LSR has been a pillar of the sociolegal studies world for decades now. To celebrate the journal’s 60th anniversary this year, the editors plan to share online content highlighting the most read, downloaded, and cited articles in LSR history, with corresponding interviews. They are also hosting a panel at the 2026 Annual Meeting, where they will introduce the new Associate Editors, share updates about the submission and review process, and share their vision for the journal’s future as a home for innovative thought.
“When I have students, I want to get to that point where I can see their faces melting off at what I’m telling them, because I’ve made them think differently about the world,” says Professor Richland. “I hope we can capture that vibe for the journal.”
Professor Maurer agrees. “I think the thing that’s hard is translating that into the pages of the journal. You get the submissions you get, you do the editorial work you can do. But hopefully, even just by reading this interview, people will feel a little bit of freedom for this kind of exploration, and we will get submissions that reflect that.”

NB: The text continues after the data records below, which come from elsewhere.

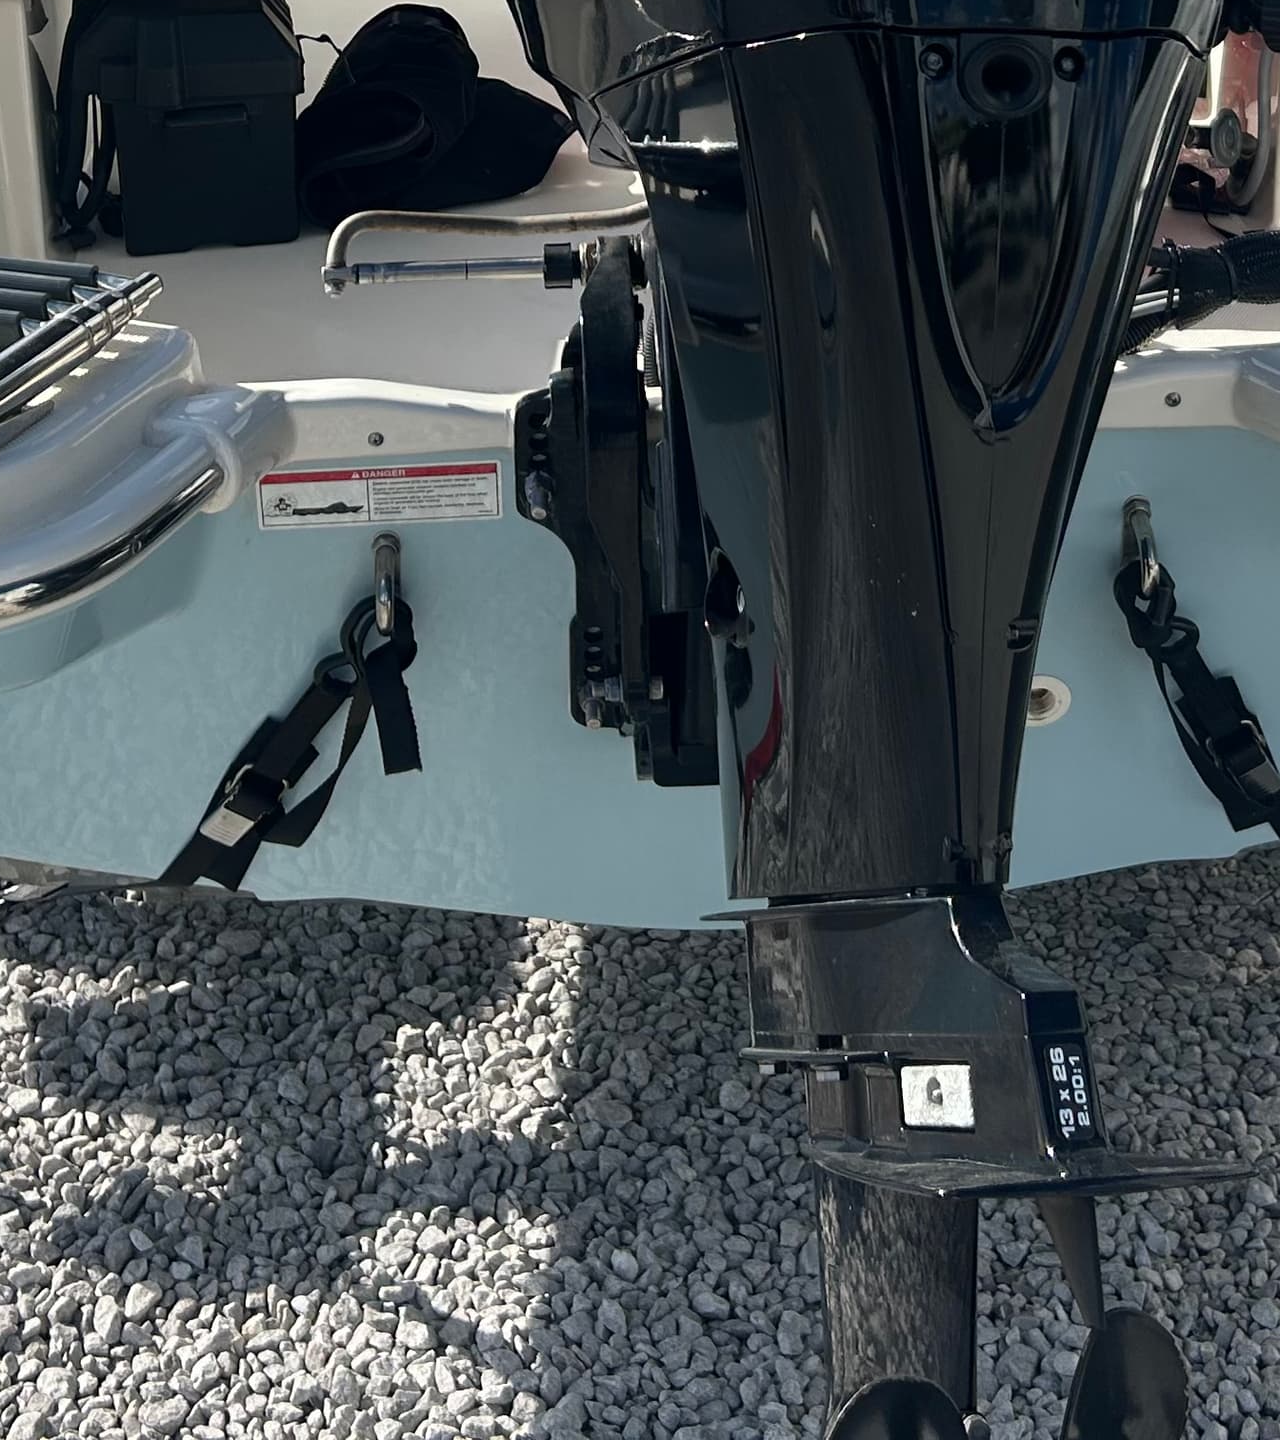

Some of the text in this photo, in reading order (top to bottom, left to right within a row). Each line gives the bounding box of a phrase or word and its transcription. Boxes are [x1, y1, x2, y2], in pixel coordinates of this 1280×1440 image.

[361, 469, 406, 479] DANGER
[1049, 1047, 1068, 1082] 26
[1068, 1055, 1091, 1127] 2.00:1
[1058, 1107, 1076, 1139] 13
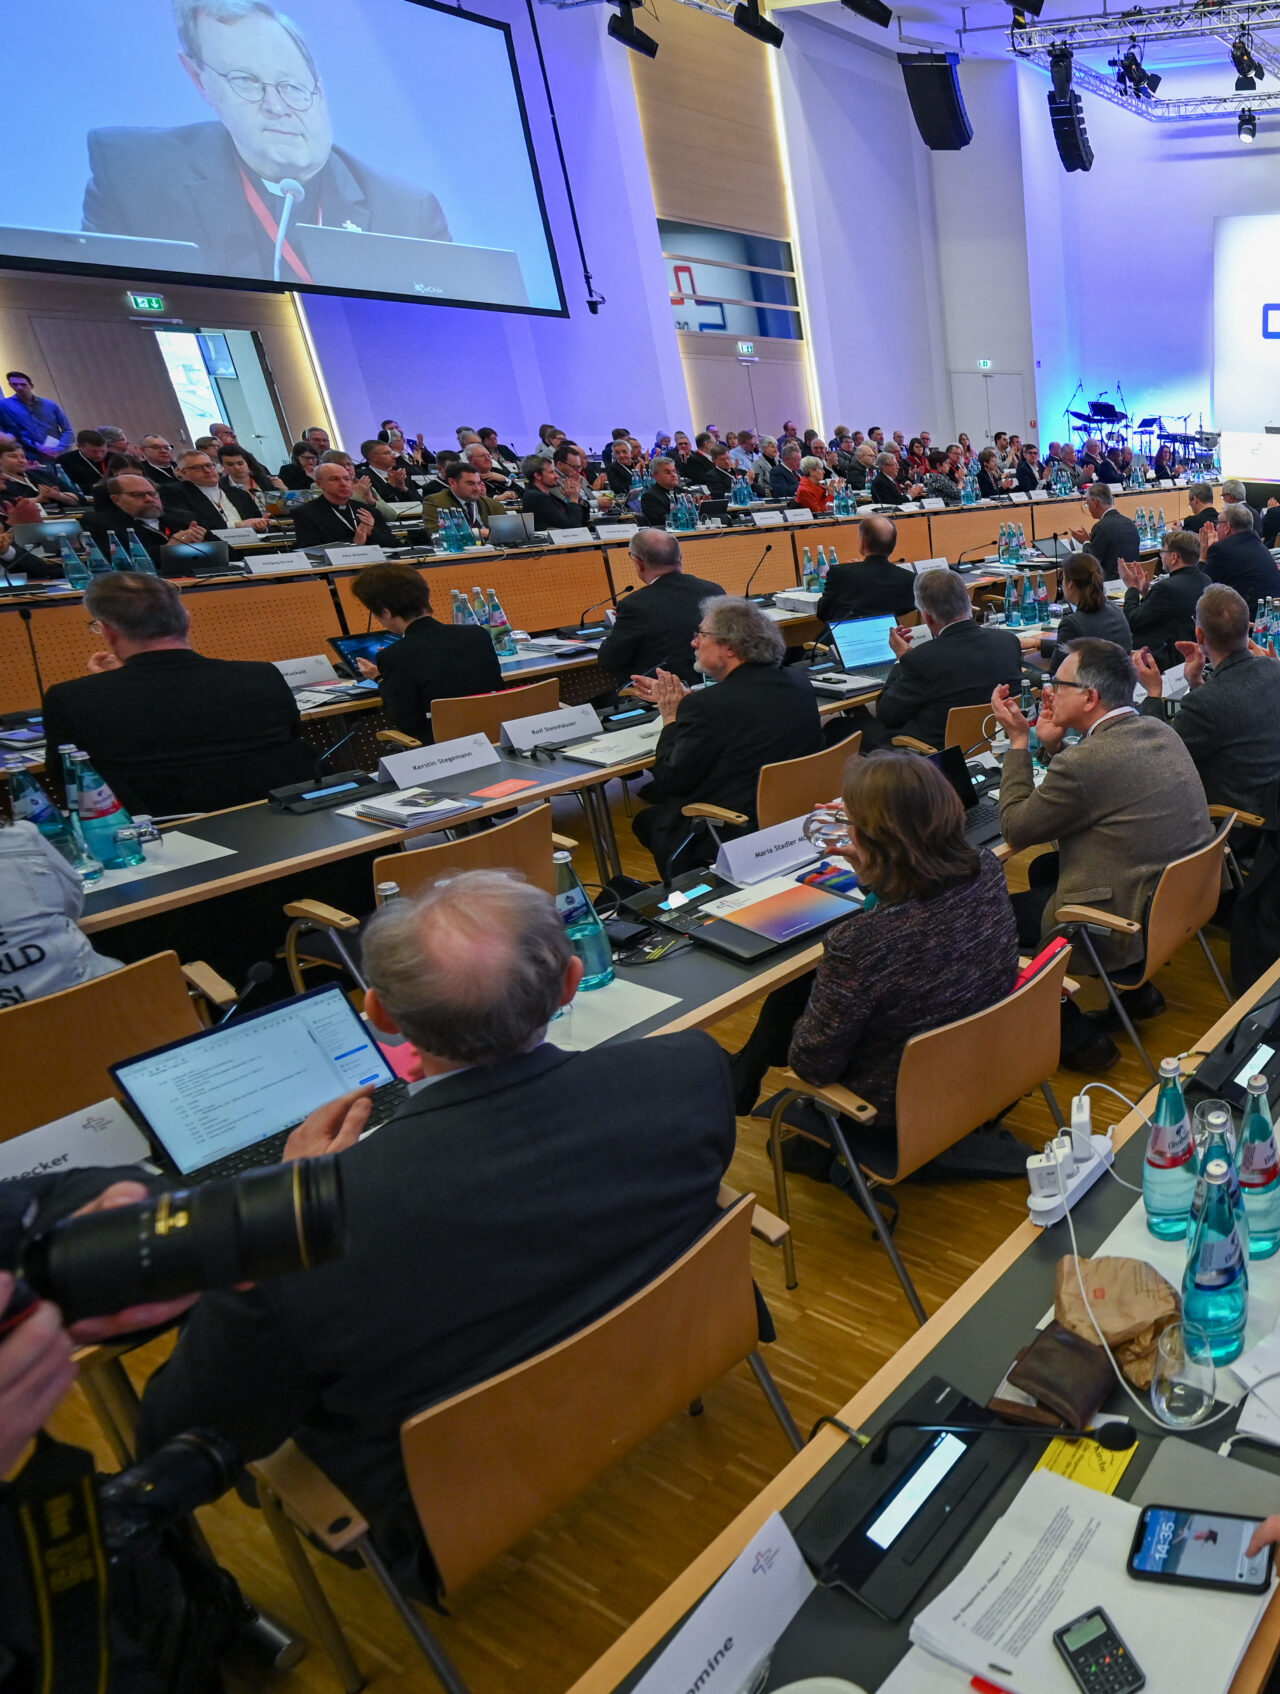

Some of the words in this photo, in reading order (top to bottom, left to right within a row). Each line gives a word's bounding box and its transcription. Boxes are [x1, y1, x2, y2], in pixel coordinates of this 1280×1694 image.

[412, 761, 437, 770] Kerstin
[438, 751, 473, 763] Stegemann
[754, 848, 773, 859] Maria
[774, 839, 797, 852] Stadler
[1155, 1521, 1175, 1561] 14:35
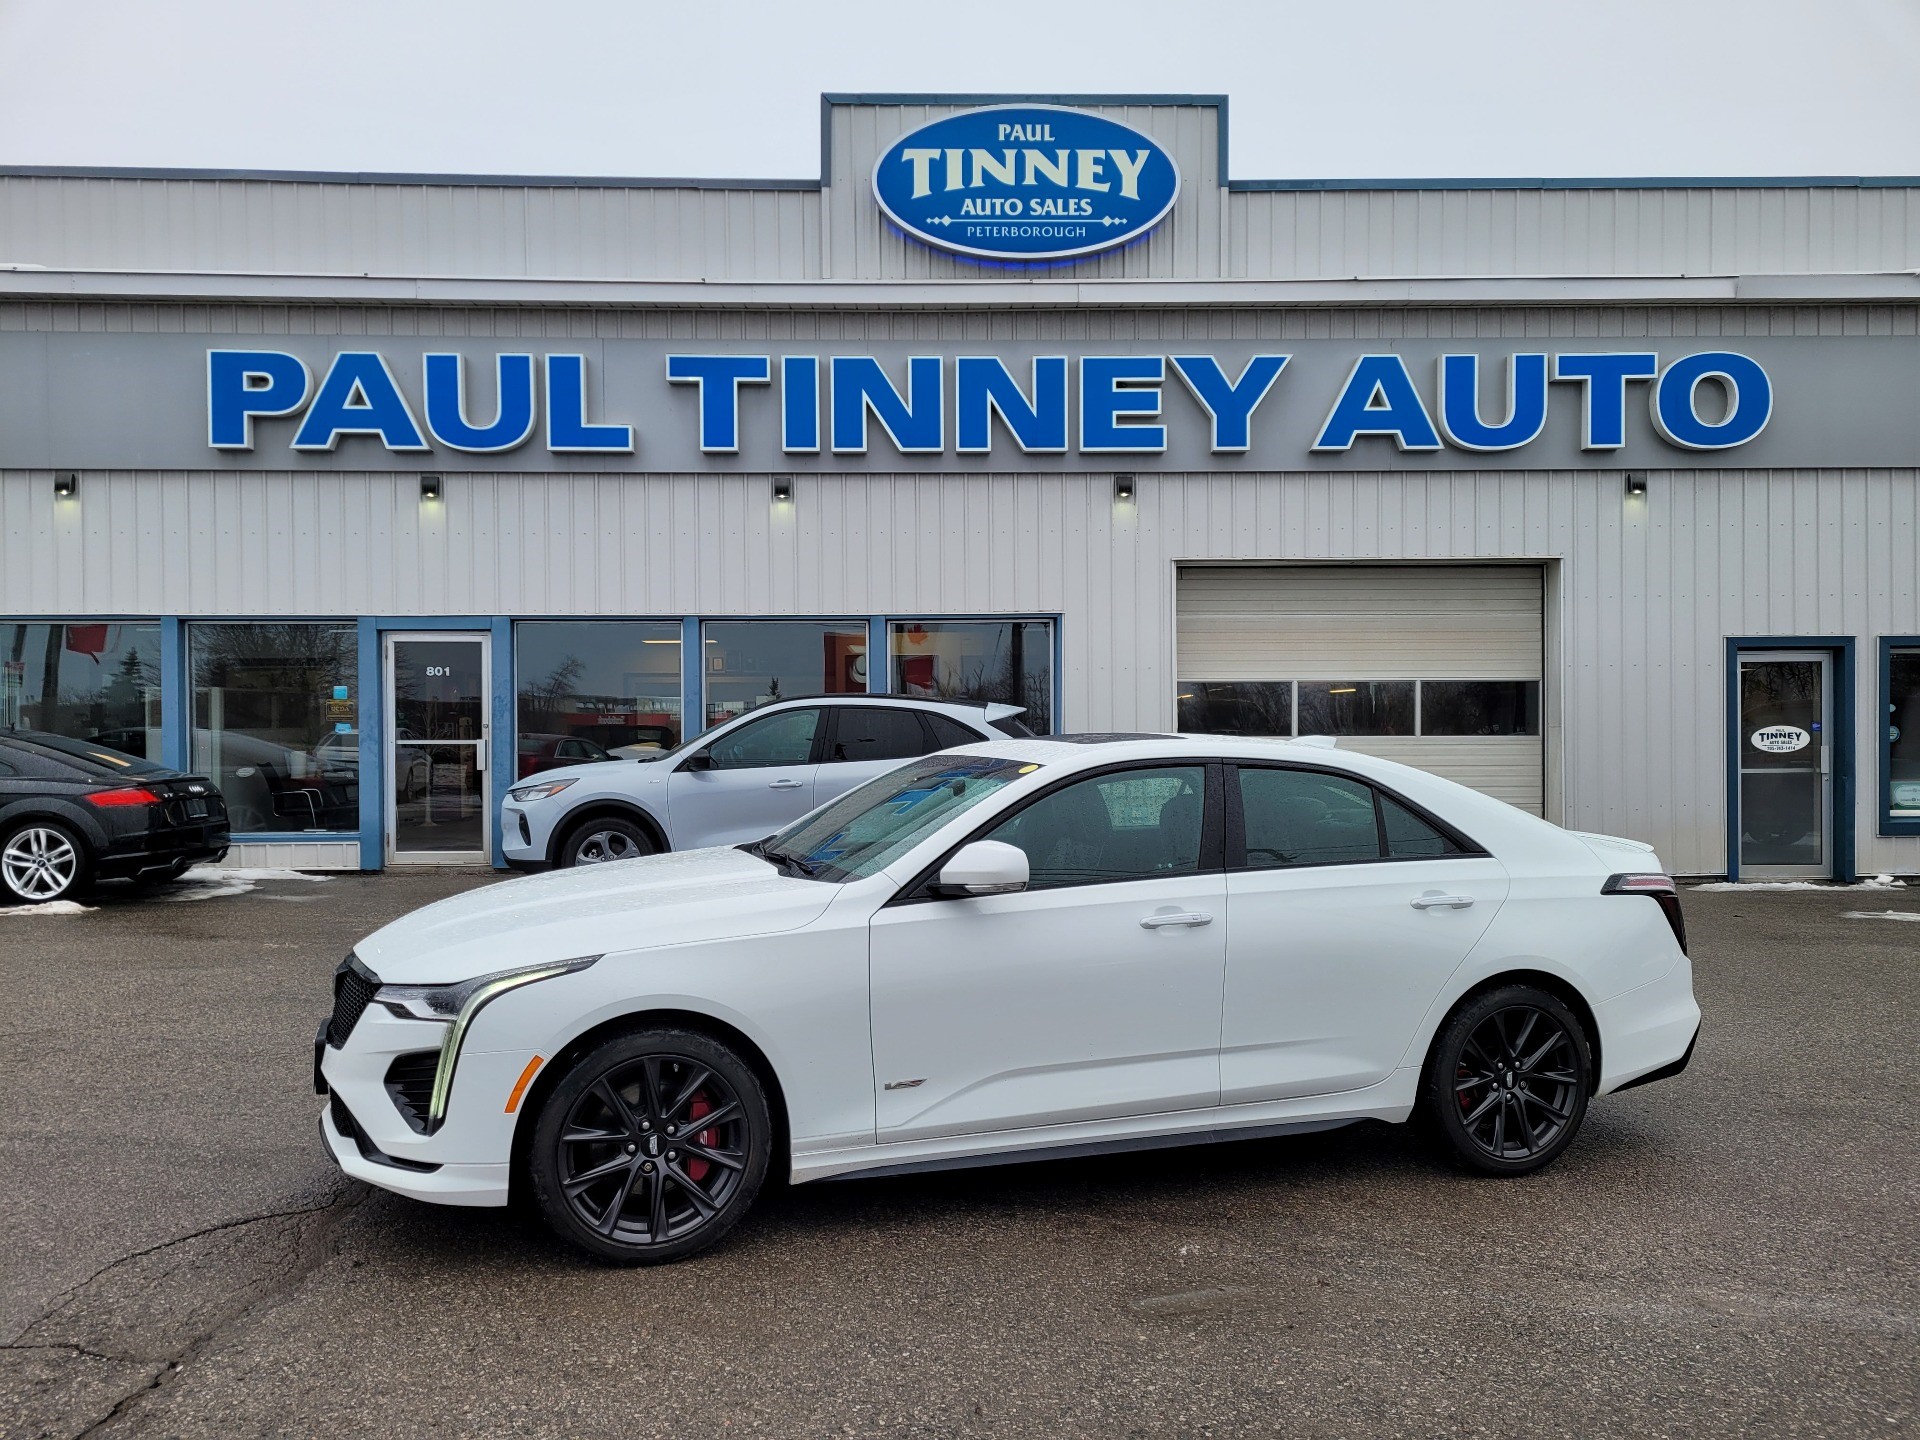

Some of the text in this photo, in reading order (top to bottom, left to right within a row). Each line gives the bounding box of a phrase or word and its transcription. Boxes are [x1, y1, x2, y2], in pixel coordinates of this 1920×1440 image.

Some scholars will be hesitant to submit anything but their most finished, polished work to a journal with LSR’s stature and reputation. The editors, though, are confident that they can help submitters present fresh ideas in a way that maintains the journal’s high standard of quality.
“There is one outside-the-box article that Bill put some notes on, saying, ‘Take a look at this one, it’s interesting,’” says Professor Cabatingan. “And I looked at it and said, ‘This is fascinating! What do we do with it now?’”
“We want to encourage people to send those types of articles, because we will help you get them across the finish line, if they really do ignite interest and explore some new topic from a law and society perspective. Those are really interesting articles for us to read and discuss, and for other people hopefully to read as well.”
“I really would love that spark of wondering,” Professor Richland says. “Because we are living in a moment where we should be wondering.”